In quel momento Teresa avrebbe voluto prendere la bambina e tenerla stretta a sé, costringendola a non lasciarla mai.

I giorni seguenti fummo tutti sconvolti. Serin non si presentò a scuola, né a lavoro. Ero rimasta da sola a pensare ai miei cavalli, e non facevo che chiedermi se Glenne avesse smesso di singhiozzare, se Serin si fosse mai alzato da quel letto, se Teresa sarebbe mai più riuscita ad essere un dottore, a superare il dolore immenso che l'aveva sconvolta. Infine mi chiedevo come sarebbe stato quando li avrei rivisti, cosa avrei detto. Poi il giorno arrivò.

Indossammo tutti le nostre tuniche migliori, rigorosamente blu notte, con un esile foulard bianco, gli uomini come cintola, le donne come collana. Andammo alla roccia. Tutto il paese si trovava riunito là intorno. Era un masso leggermente squadrato, dove giaceva il piccolo cadavere, perfettamente conservato grazie agli intrugli dei Signori della morte.

<<Grazie, miei fratelli, per essere qui,>> disse il Primo Signore. Alcuni colpi di tosse gli risposero, altri si mossero irrequieti. Era sempre brutto celebrare una morte, specie di una bambina.

<<La morte della piccola Irin ci riunisce tutti, così dolorosamente. Ci fa riflettere sulla brevità della vita, e sulla sua ingiustizia. Avvicinatevi, porgete l'ultimo saluto, ed aiutatela a cavalcare il Soffio delle anime.>> disse terminando la celebrazione.
Ognuno di noi, si avvicinò alla bambina. C'era un ordine nel salutare: prima tutti colore che non l'avevano conosciuta da vicino, che non le avevano mai parlato. Poi tutti quelli che, anche solo per una volta, le avevano rivolto la parola; seguivano gli amici. Infine i parenti, chi l'aveva amata, e chi era stato presente nel momento della morte. Ci avvicinammo e le toccammo la manina, sussurrandole un addio. Infine il corpo venne sotterrato, la tomba scavata dai più intimi.

Dopo la celebrazione ci avvicinammo alla famiglia.

<<Siamo addolorati dalla vostra perdita.>> disse mio padre parlando per tutti.

<<Vi ringrazio per ciò che avete fatto per noi, e per essere presenti in questo momento di dolore.>> rispose il padre di Serin.
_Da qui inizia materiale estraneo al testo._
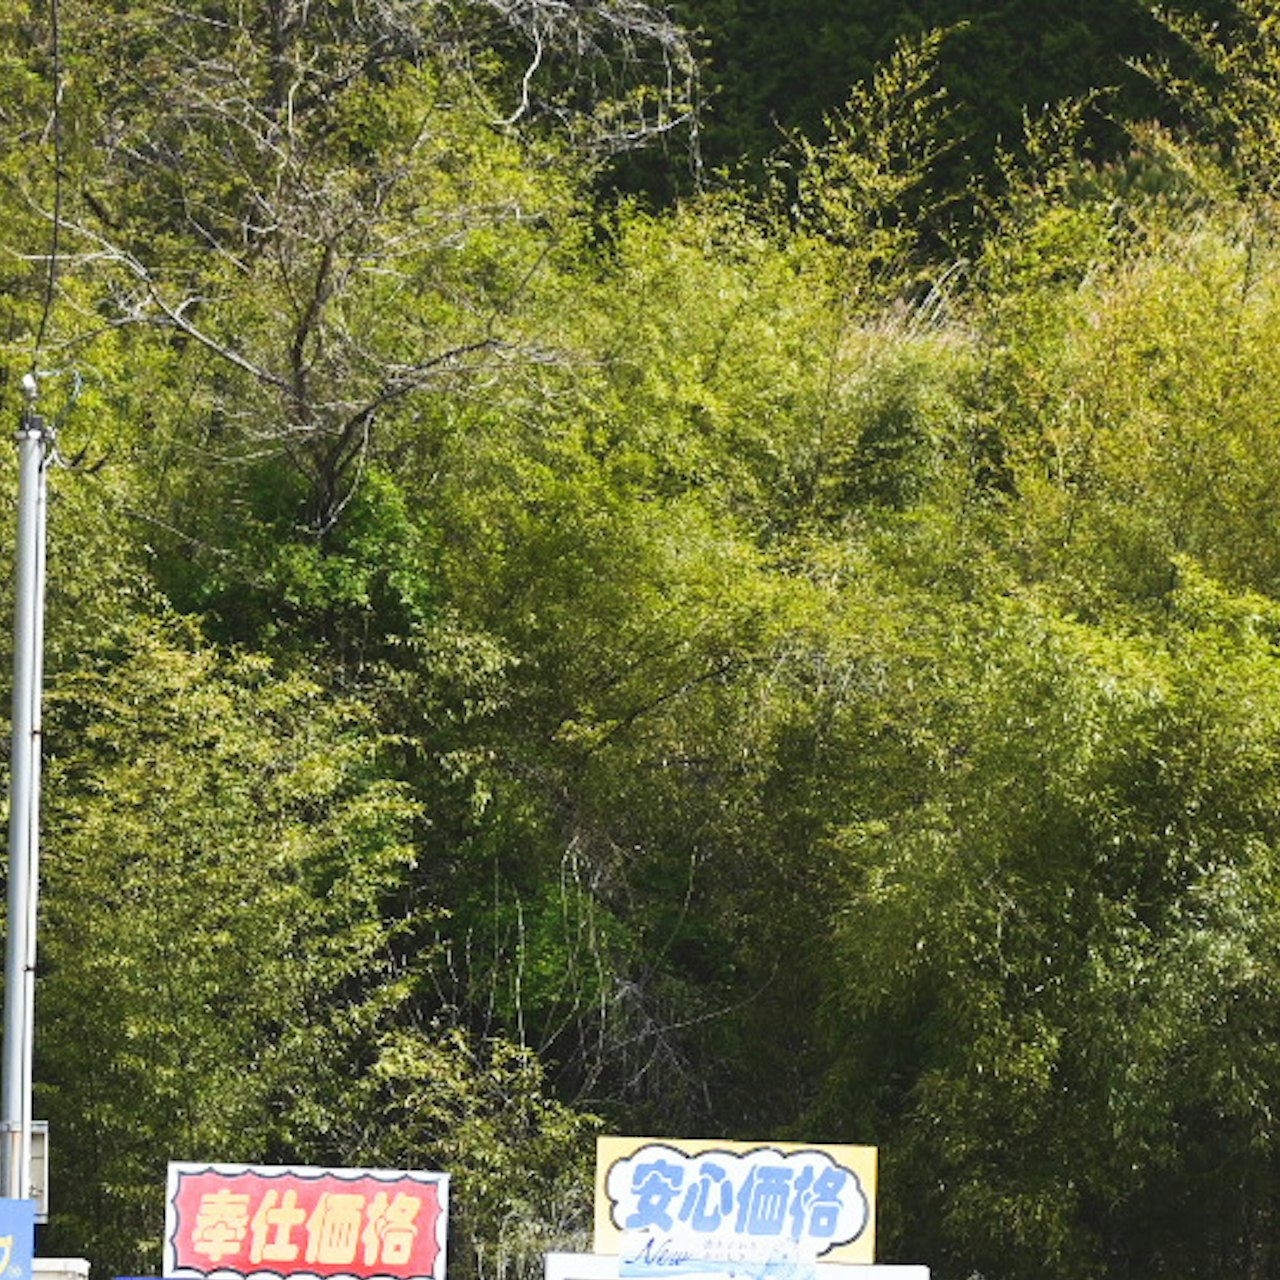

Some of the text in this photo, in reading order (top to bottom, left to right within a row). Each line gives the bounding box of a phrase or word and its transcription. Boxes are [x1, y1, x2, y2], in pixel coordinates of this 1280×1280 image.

[192, 1188, 422, 1266] 奉仕価格
[625, 1158, 848, 1238] 安心価格
Era un uomo molto alto, con i capelli brizzolati e due baffi prominenti. Anche lui indossava la tunica di rito. Ai piedi, come tutti noi, portava dei sandali.

<<Sappiate che per qualsiasi cosa noi siamo disponibili, e se Serin vuole continuare a lavorare da noi, è il benvenuto.>> continuò mio padre. Il ragazzo era ancora pallido, ancora non parlava, ai miei occhi era ancora lì, per terra accanto a quel letto, chissà se sarebbe mai più riuscito a dormire in quella stanza. Io avevo gli occhi bassi, li alzavo solo ogni tanto per sbirciare i loro volti. Mia madre aveva offerto il braccio alla madre, addolorata, e poi l'aveva abbracciata, dandole piccole pacche sulla schiena mentre lei era, ancora una volta, presa dai singhiozzi, il volto pallido. I miei due fratelli, sempre pronti alla risata, alla battuta, a qualsiasi diavoleria, quel giorno furono molto silenziosi, comportandosi egregiamente. Teresa tenne il viso basso per tutto il tempo della celebrazione e persino in quel momento si teneva in disparte. Poi la sentii prendere fiato, dandosi coraggio.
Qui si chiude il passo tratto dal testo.